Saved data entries
────

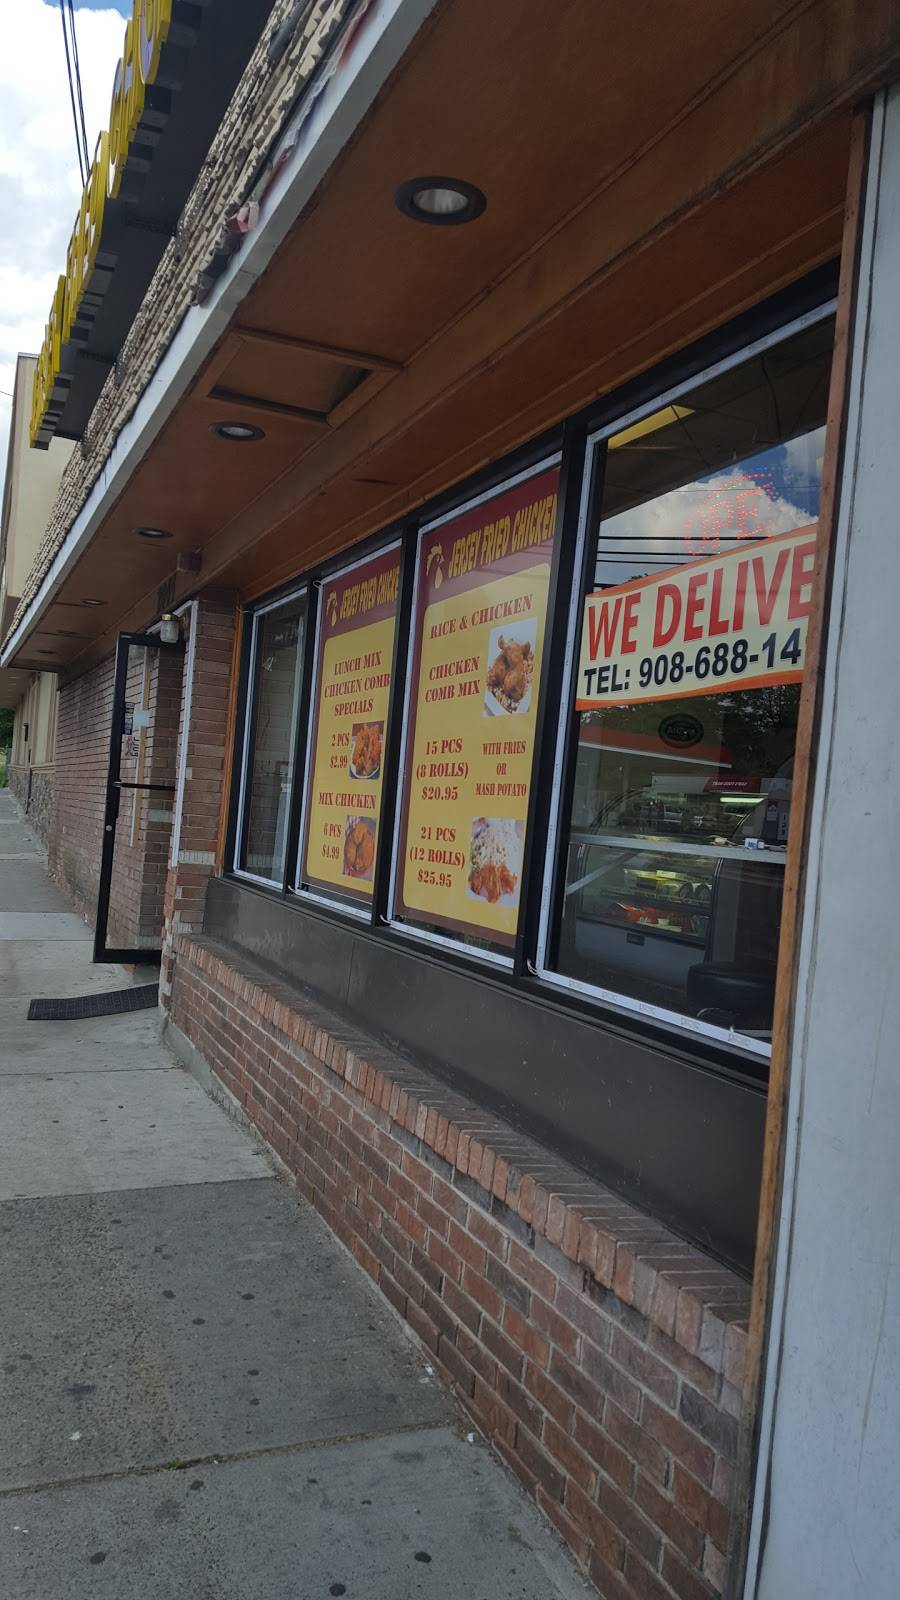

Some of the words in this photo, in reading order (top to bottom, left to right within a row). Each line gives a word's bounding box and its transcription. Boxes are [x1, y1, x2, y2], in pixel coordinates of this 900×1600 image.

[448, 528, 482, 578] JERSEY
[481, 515, 511, 566] FRIED
[588, 591, 642, 661] WE
[653, 541, 816, 648] DELIVE
[430, 618, 457, 640] RICE
[459, 615, 469, 631] &
[471, 594, 534, 627] CHICKEN
[334, 657, 361, 676] LUNCH
[363, 651, 382, 671] MIX
[429, 656, 480, 681] CHICKEN
[583, 663, 631, 696] TEL:
[638, 628, 802, 688] 908-688-14
[324, 679, 363, 699] CHICKEN
[424, 683, 456, 703] COMB
[457, 680, 480, 698] MIX
[334, 698, 374, 717] SPECIALS
[331, 736, 336, 747] 2
[337, 733, 350, 746] PCS
[426, 741, 438, 755] 15
[441, 738, 463, 754] PCS
[482, 742, 502, 756] WITH
[503, 741, 526, 755] FRIES
[329, 755, 348, 769] $2.99
[416, 765, 427, 779] (8
[429, 762, 469, 779] ROLLS)
[496, 763, 507, 776] OR
[422, 786, 459, 801] $20.95
[475, 783, 496, 796] MASH
[496, 783, 527, 797] POTATO
[318, 792, 334, 806] MIX
[335, 793, 377, 809] CHICKEN
[329, 824, 342, 838] PCS
[420, 826, 432, 840] 21
[436, 827, 456, 842] PCS
[409, 847, 424, 863] (12
[428, 849, 466, 870] ROLLS)
[417, 869, 453, 888] $25.95
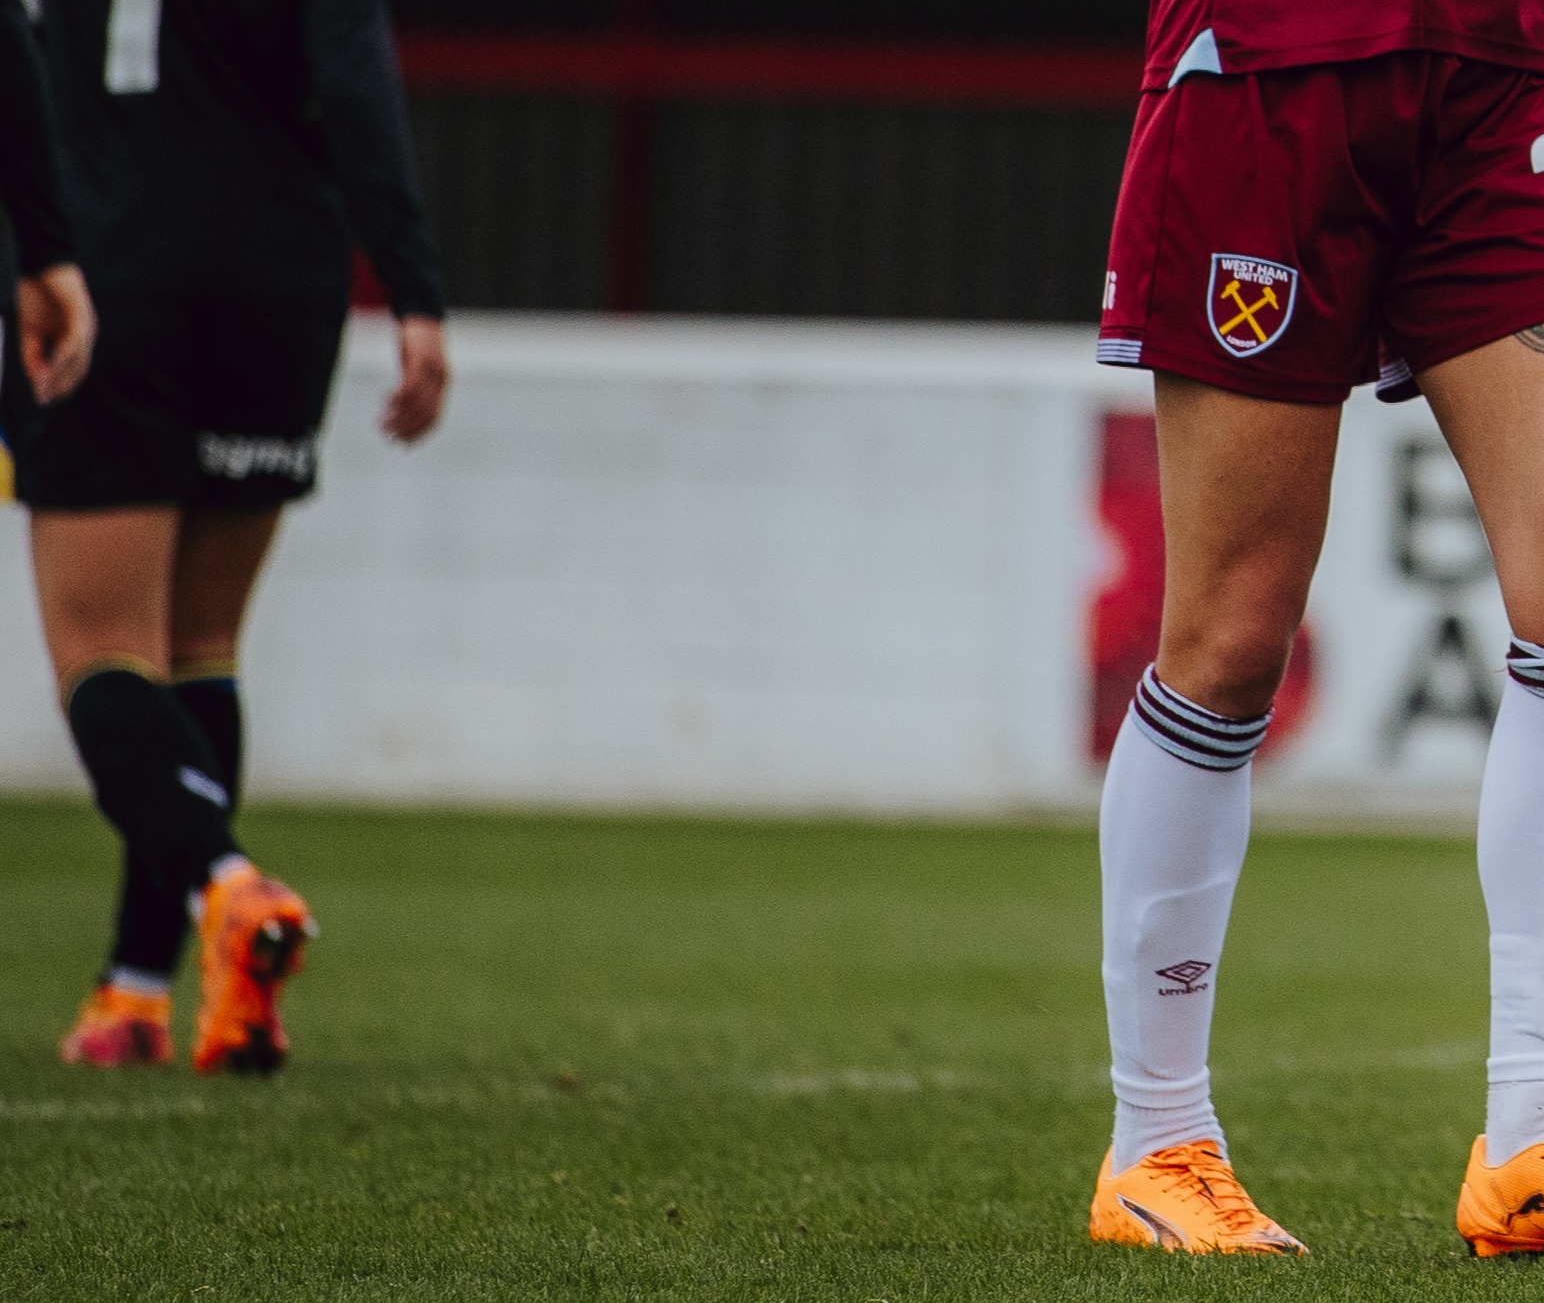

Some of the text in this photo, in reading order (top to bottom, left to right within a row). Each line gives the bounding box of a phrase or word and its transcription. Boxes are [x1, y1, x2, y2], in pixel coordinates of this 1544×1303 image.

[1222, 258, 1288, 282] WEST HAM
[1233, 270, 1273, 285] UNITED
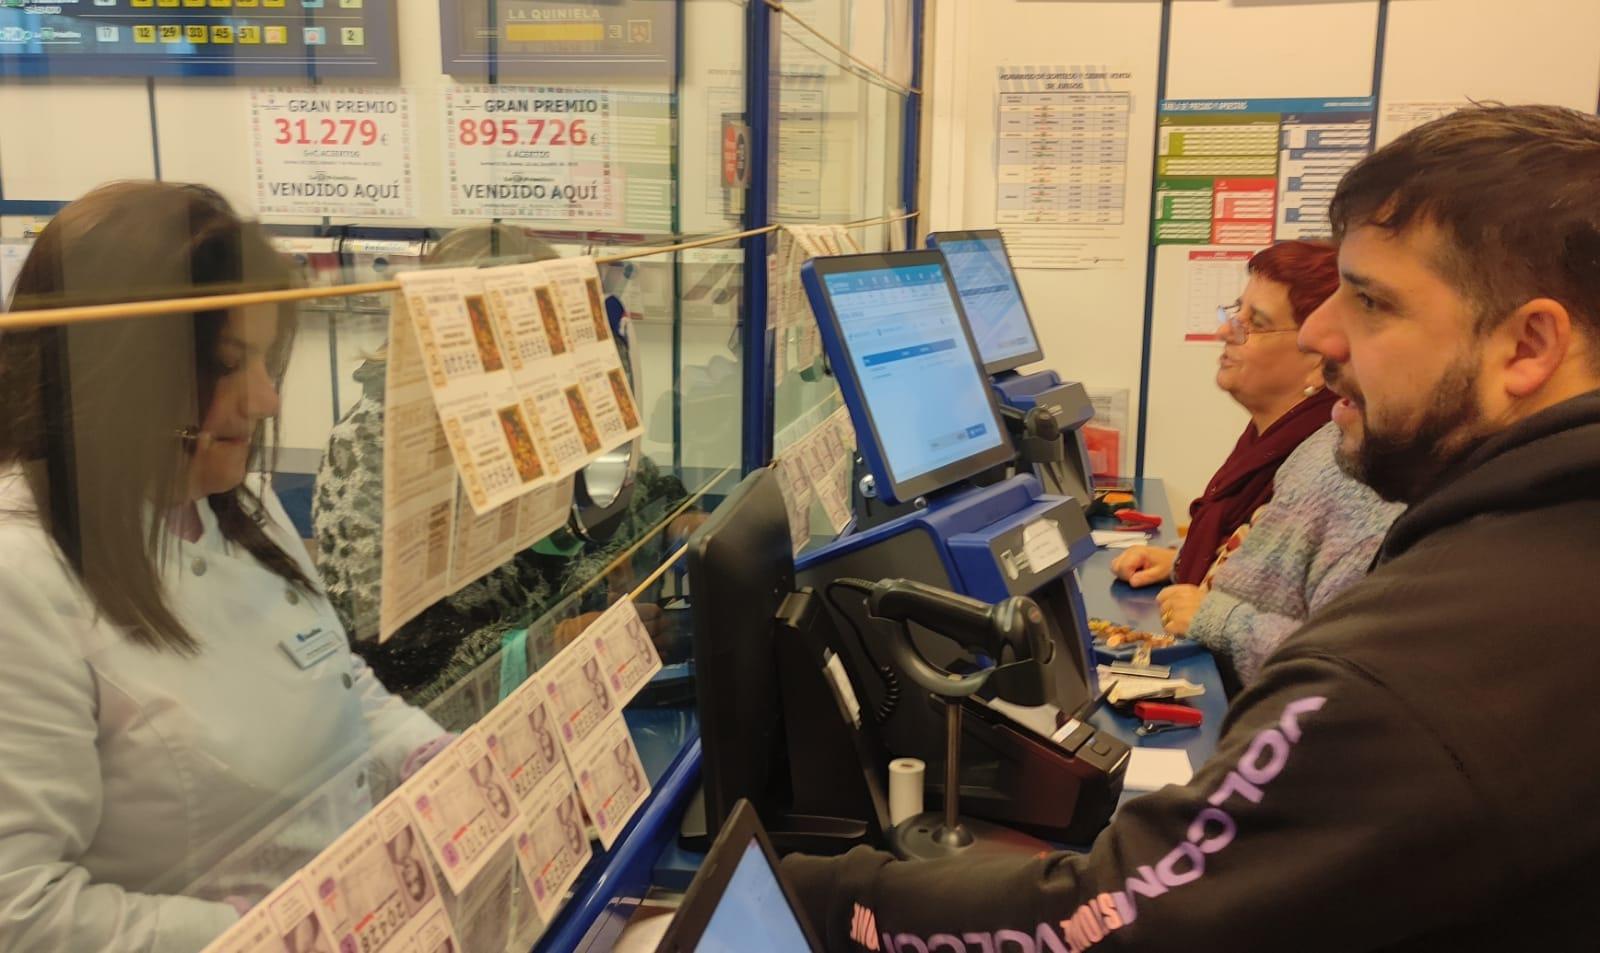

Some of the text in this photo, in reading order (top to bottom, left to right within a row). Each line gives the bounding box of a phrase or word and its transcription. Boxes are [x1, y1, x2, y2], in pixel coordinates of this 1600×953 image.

[508, 9, 600, 19] LA QUINIELA
[288, 99, 397, 114] GRAN PREMIO
[484, 99, 598, 113] GRAN PREMIO
[269, 181, 400, 202] VENDIDO AQUÍ
[463, 180, 599, 203] VENDIDO AQUÍ
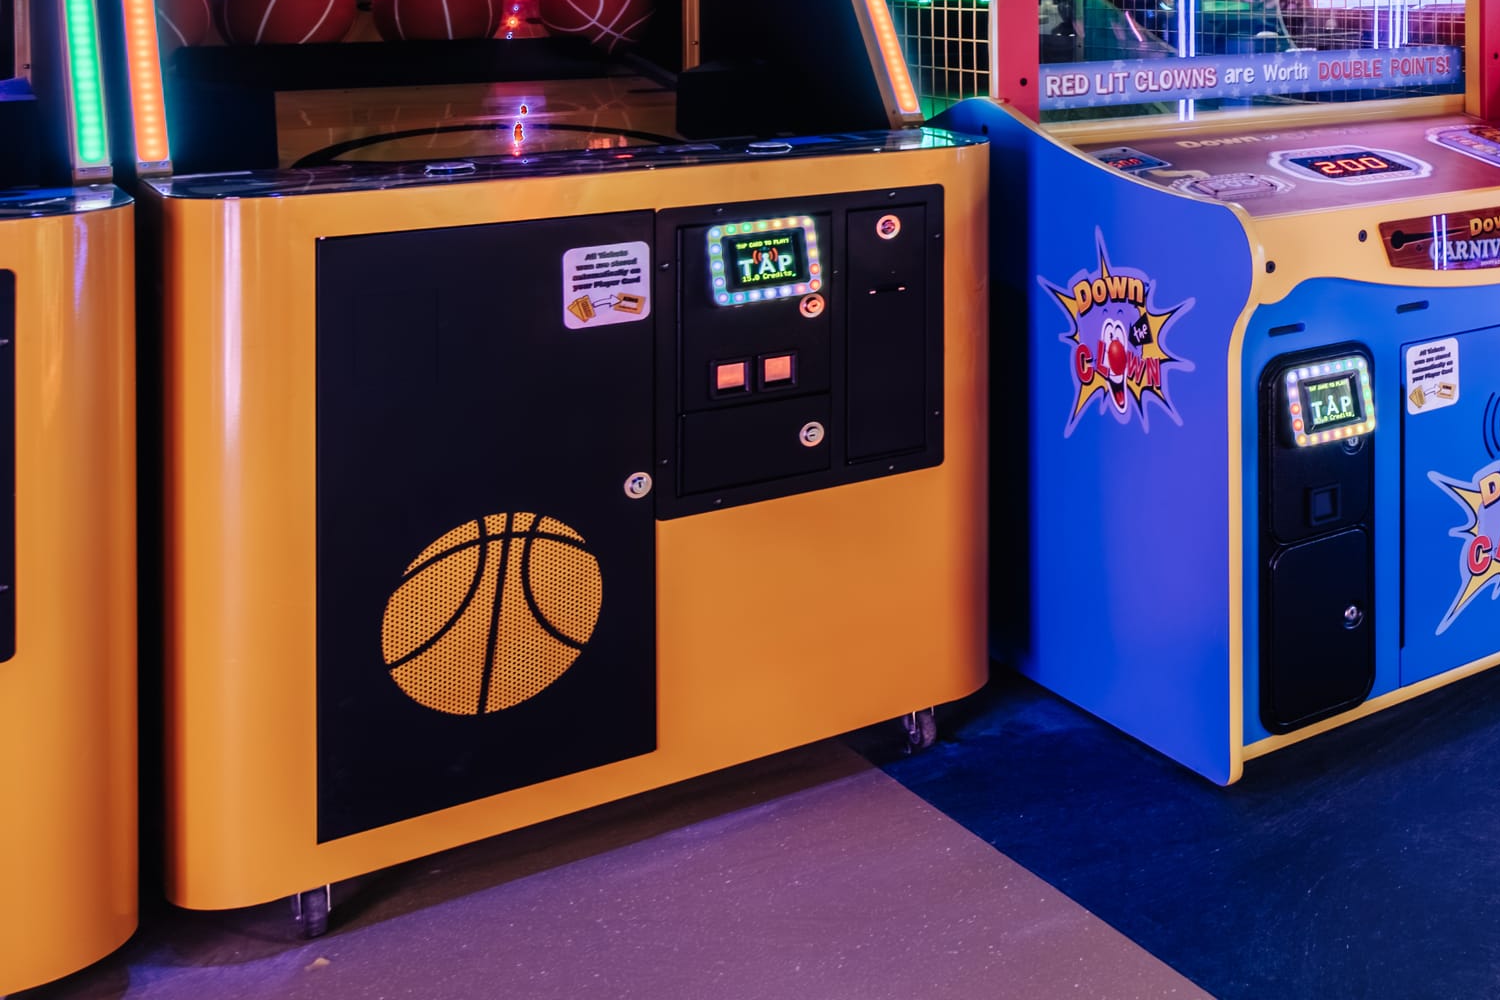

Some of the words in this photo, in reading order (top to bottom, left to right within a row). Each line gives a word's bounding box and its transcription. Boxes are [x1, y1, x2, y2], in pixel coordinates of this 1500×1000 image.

[1046, 74, 1089, 97] RED
[1095, 71, 1129, 95] LIT
[1134, 66, 1217, 92] CLOWNS
[1224, 66, 1256, 85] are
[1263, 61, 1309, 82] Worth
[1317, 58, 1383, 82] DOUBLE
[1390, 55, 1451, 78] POINTS!
[1315, 157, 1388, 174] 200
[738, 251, 793, 277] TAP
[1073, 275, 1145, 316] Down
[1133, 324, 1148, 343] the
[1310, 394, 1351, 420] TAP
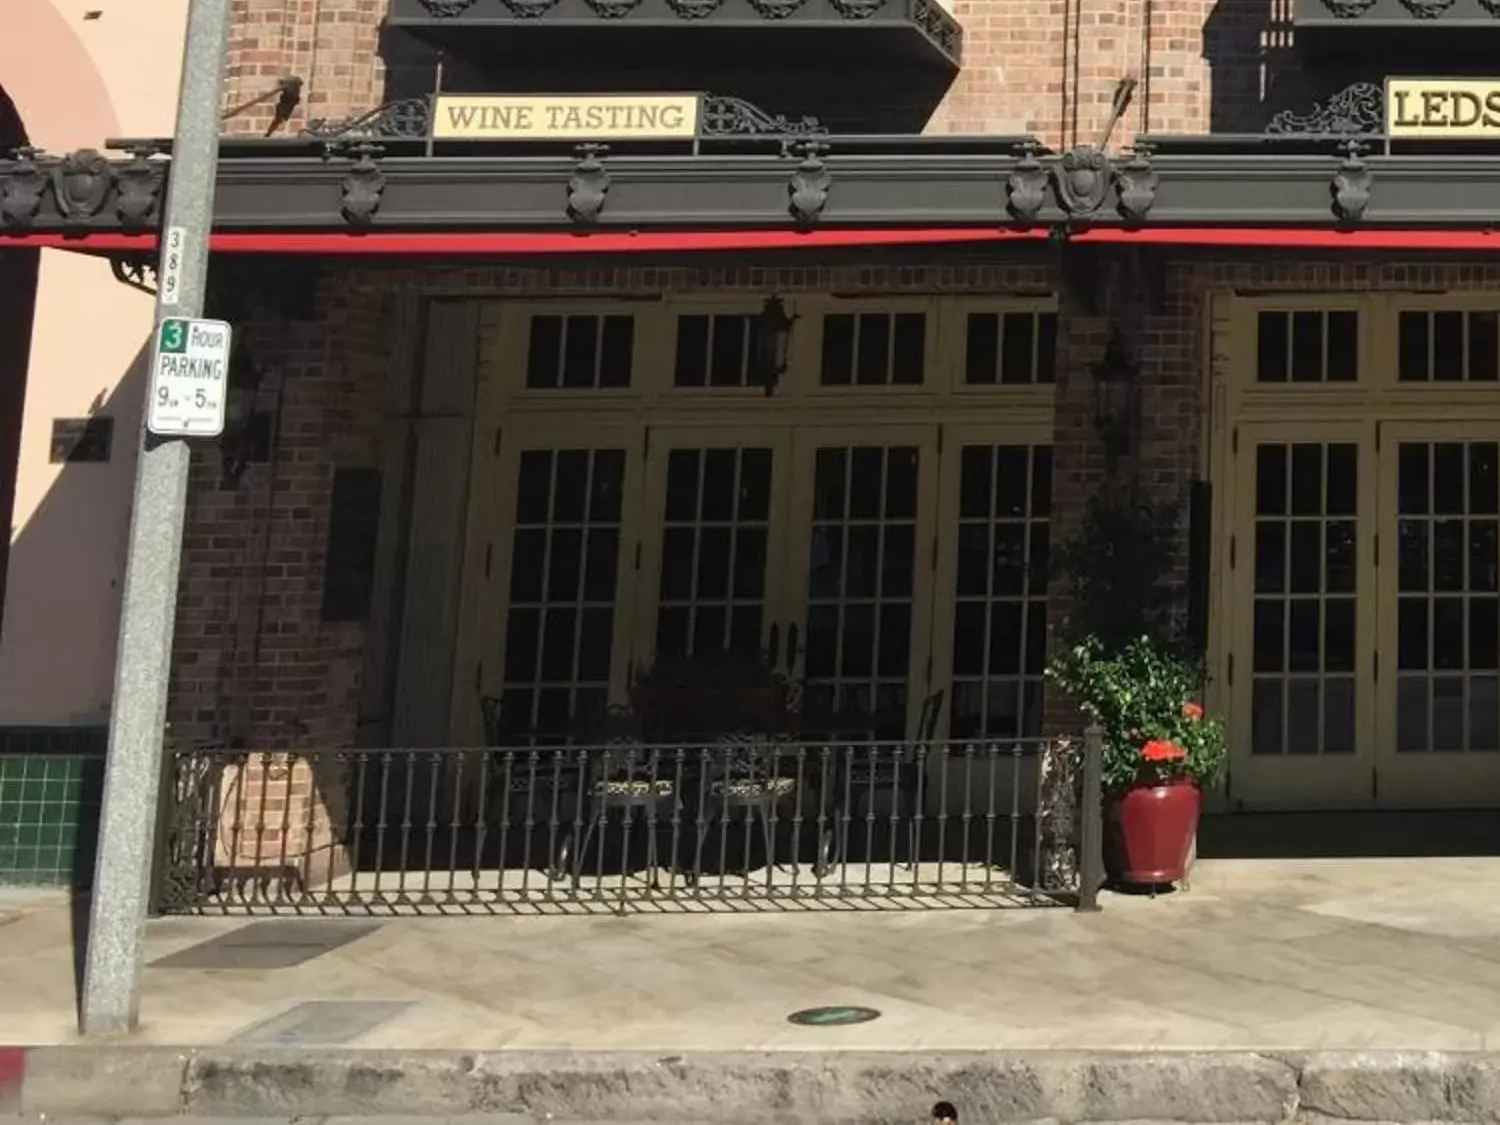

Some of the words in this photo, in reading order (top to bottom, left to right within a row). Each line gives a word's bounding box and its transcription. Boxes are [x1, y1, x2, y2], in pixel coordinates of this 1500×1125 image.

────

Requirement
Whatever pictures the entries contain, omit them, and write the rest out exactly.

Task response
Some of the words in this photo, in reading order (top to bottom, left to right within a row). Each line gives a word's bounding box and its transcription. Boxes are [x1, y1, x2, y2], in pixel coordinates of this 900×1600 image.

[448, 528, 482, 578] JERSEY
[481, 515, 511, 566] FRIED
[588, 591, 642, 661] WE
[653, 541, 816, 648] DELIVE
[430, 618, 457, 640] RICE
[459, 615, 469, 631] &
[471, 594, 534, 627] CHICKEN
[334, 657, 361, 676] LUNCH
[363, 651, 382, 671] MIX
[429, 656, 480, 681] CHICKEN
[583, 663, 631, 696] TEL:
[638, 628, 802, 688] 908-688-14
[324, 679, 363, 699] CHICKEN
[424, 683, 456, 703] COMB
[457, 680, 480, 698] MIX
[334, 698, 374, 717] SPECIALS
[331, 736, 336, 747] 2
[337, 733, 350, 746] PCS
[426, 741, 438, 755] 15
[441, 738, 463, 754] PCS
[482, 742, 502, 756] WITH
[503, 741, 526, 755] FRIES
[329, 755, 348, 769] $2.99
[416, 765, 427, 779] (8
[429, 762, 469, 779] ROLLS)
[496, 763, 507, 776] OR
[422, 786, 459, 801] $20.95
[475, 783, 496, 796] MASH
[496, 783, 527, 797] POTATO
[318, 792, 334, 806] MIX
[335, 793, 377, 809] CHICKEN
[329, 824, 342, 838] PCS
[420, 826, 432, 840] 21
[436, 827, 456, 842] PCS
[409, 847, 424, 863] (12
[428, 849, 466, 870] ROLLS)
[417, 869, 453, 888] $25.95

Some of the text in this photo, in reading order (top to bottom, left to right within a row). Each line gives the bounding box of a phrase or word and its transcription. Boxes are [x1, y1, x2, y2], in pixel coordinates of this 1544×1303 image.

[1222, 258, 1288, 282] WEST HAM
[1233, 270, 1273, 285] UNITED

Some of the text in this photo, in reading order (top to bottom, left to right within a row). Each line gives the bounding box of a phrase or word and its transcription. Boxes are [x1, y1, x2, y2], in pixel coordinates of this 1600×953 image.

[508, 9, 600, 19] LA QUINIELA
[288, 99, 397, 114] GRAN PREMIO
[484, 99, 598, 113] GRAN PREMIO
[269, 181, 400, 202] VENDIDO AQUÍ
[463, 180, 599, 203] VENDIDO AQUÍ

Some of the words in this photo, in reading order (top to bottom, left to right within a row). Each line gives a word's bounding box and its transcription. Boxes are [x1, y1, x2, y2], in pixel coordinates of this 1500×1000 image.

[1046, 74, 1089, 97] RED
[1095, 71, 1129, 95] LIT
[1134, 66, 1217, 92] CLOWNS
[1224, 66, 1256, 85] are
[1263, 61, 1309, 82] Worth
[1317, 58, 1383, 82] DOUBLE
[1390, 55, 1451, 78] POINTS!
[1315, 157, 1388, 174] 200
[738, 251, 793, 277] TAP
[1073, 275, 1145, 316] Down
[1133, 324, 1148, 343] the
[1310, 394, 1351, 420] TAP

Some of the words in this photo, in reading order (top to bottom, left to right within a row). Each line gives a word's bounding box and its transcription. Boxes are [x1, y1, x2, y2], in pixel coordinates of this 1500×1125 image.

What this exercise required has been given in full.